R03 – Discovering the Capacity of Primary Care Frontline Staff to Deliver a Low-Intensity, Technology-Enhanced Intervention to Treat Geriatric Depression

Principal Investigators
Brenna Renn, PhD, Acting Assistant Professor, Psychiatry and Behavioral Sciences
Oleg Zaslavsky, PhD, MHA, RN, Assistant Professor, Biobehavioral Nursing and Health Informatics
Project Description
Older adults with depression typically present to primary care rather than specialty mental health treatment and are often un- or undertreated, as the demand for mental health services is greater than the supply of trained providers. Technology is one method to improve access to care by making evidence-based psychosocial interventions (EBPIs) readily accessible. A second method comes from global mental health research, demonstrating that task-sharing can equip non-specialists to provide effective mental health care.
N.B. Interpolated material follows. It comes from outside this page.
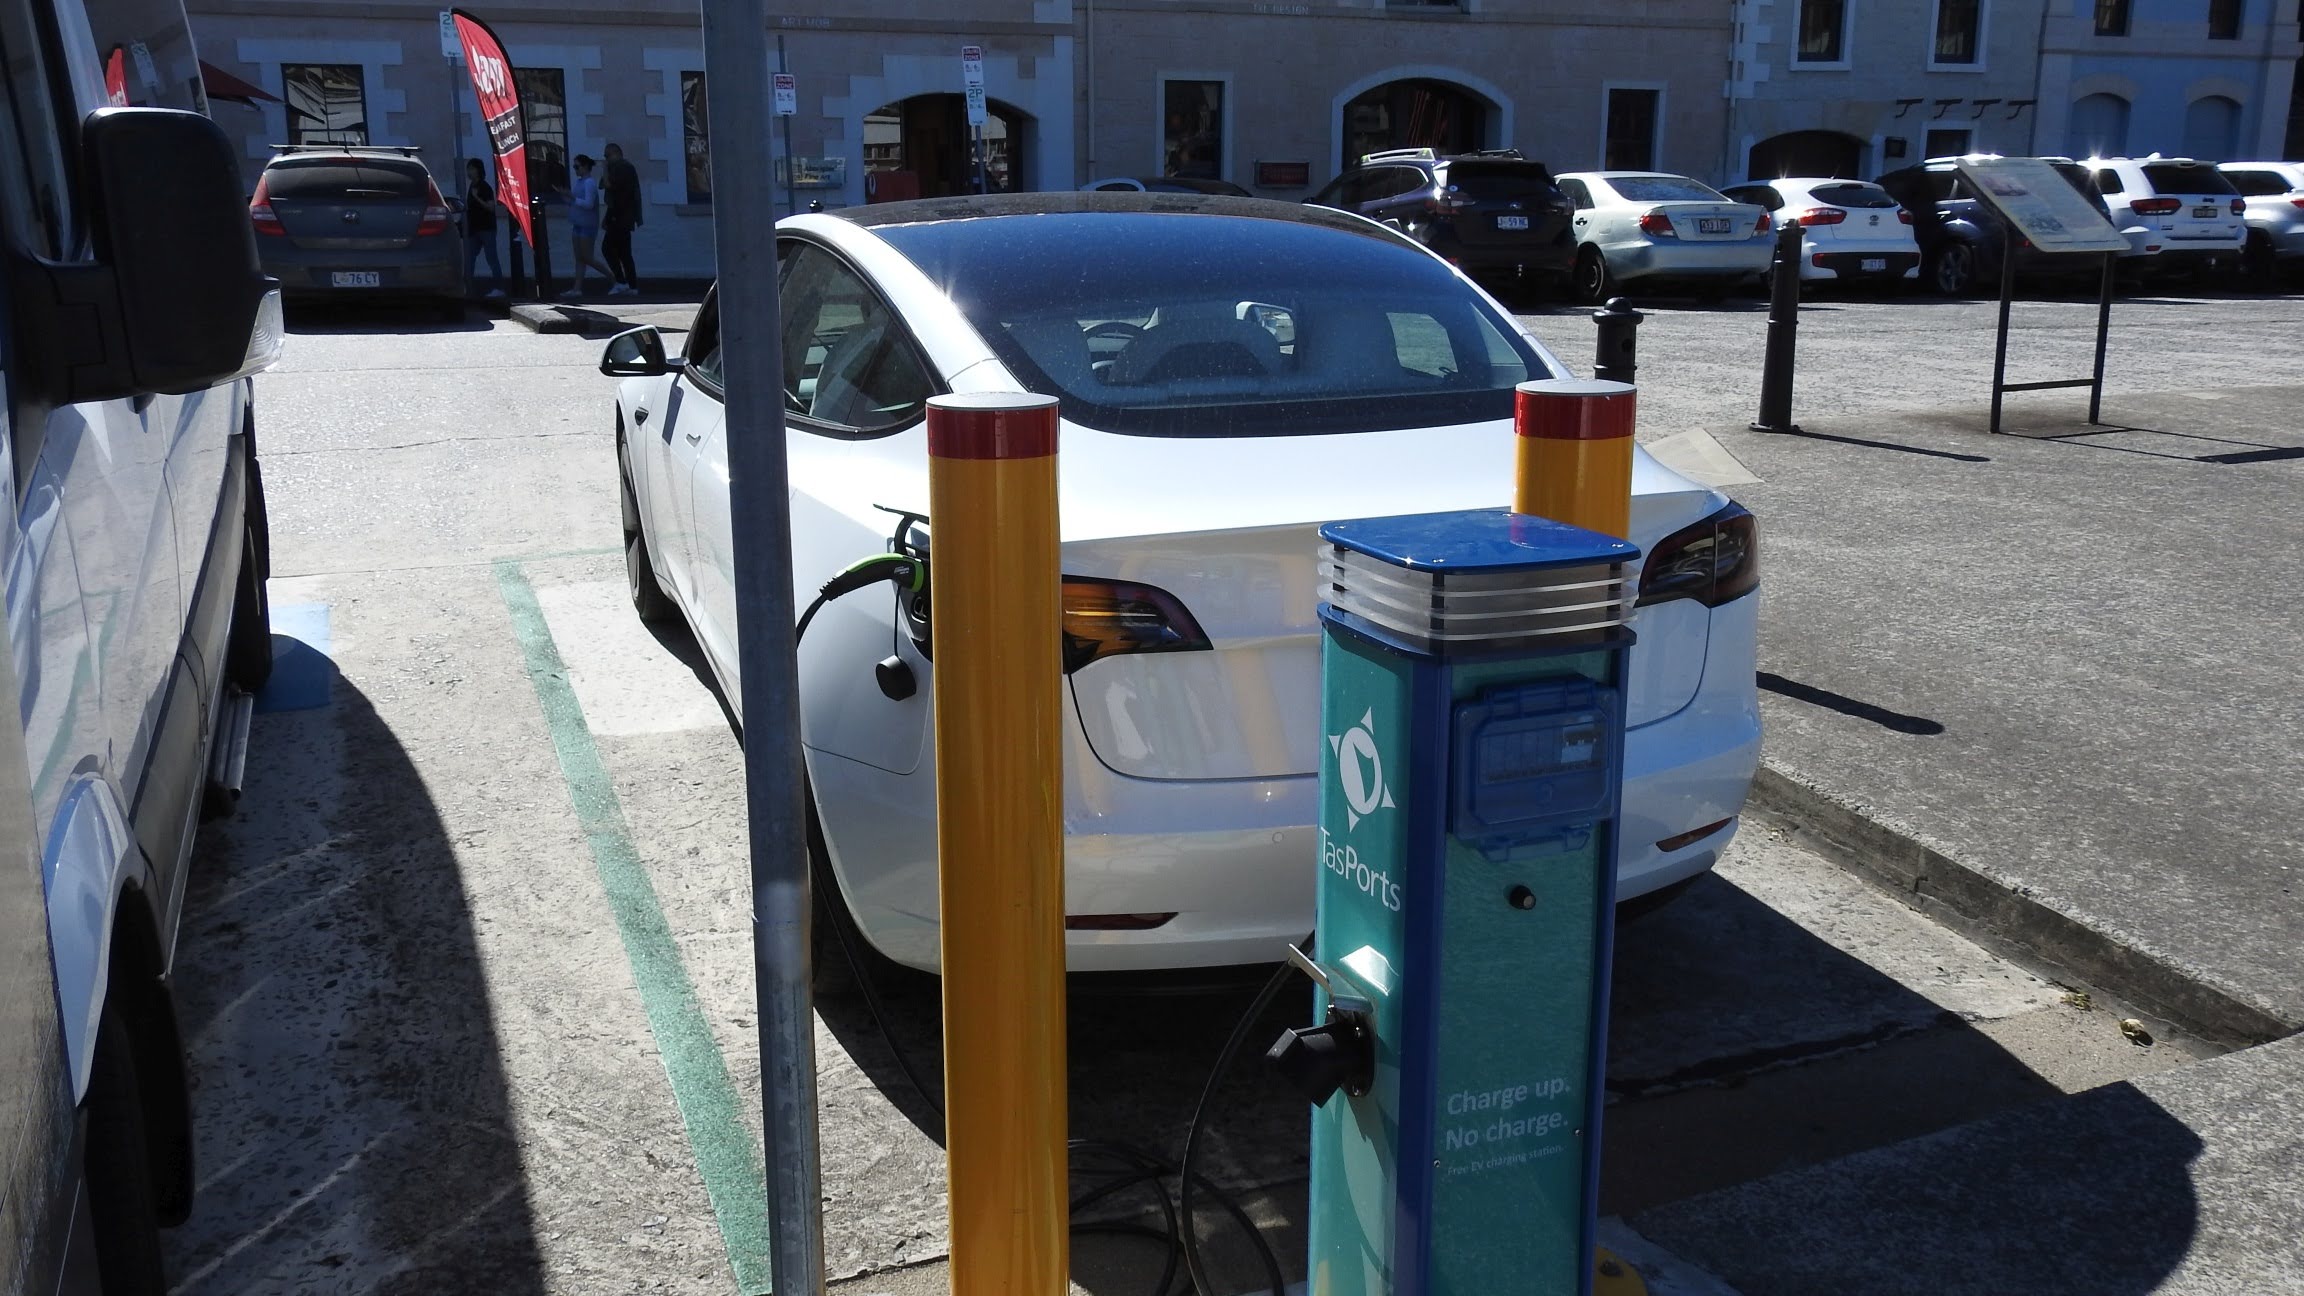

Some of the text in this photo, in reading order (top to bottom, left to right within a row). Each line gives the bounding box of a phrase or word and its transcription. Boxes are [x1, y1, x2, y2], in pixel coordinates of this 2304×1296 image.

This study combines these two approaches, exploring how technology-enhanced EBPI could be used by frontline primary care staff (e.g., nurses, medical assistants) to expand workforce capacity to deliver acceptable, sustainable, and effective treatment for depression.
Setting | Primary care |
Population | Older adults with depression |
Intervention and/or Implementation Strategy Designed or Redesigned
Intervention | Task-sharing to deliver Mobile Motivational Physical Activity Targeted Intervention (MobMPATI), which is based on behavioral activation for depression and uses wearable accelerometer technology to trigger personalized activity goal monitoring. The intervention is delivered by frontline primary care staff (e.g., nurses, medical assistants). |
Implementation Strategy | Design an implementation strategy to support MobMPATI delivery, and conduct a pilot usability trial to test the implementation strategy. |
Impact
This approach addresses critical barriers to geriatric depression treatment in primary care, including the shortage of trained mental health providers and limited access to evidence-based interventions. By expanding workforce capacity through task-sharing and technology enhancement, the intervention has the potential to improve detection and treatment rates for depression among older adults who primarily receive care in primary care settings rather than specialty mental health services. The study addresses the significant gap where only about one in five older adults with depression receives effective treatment in primary care.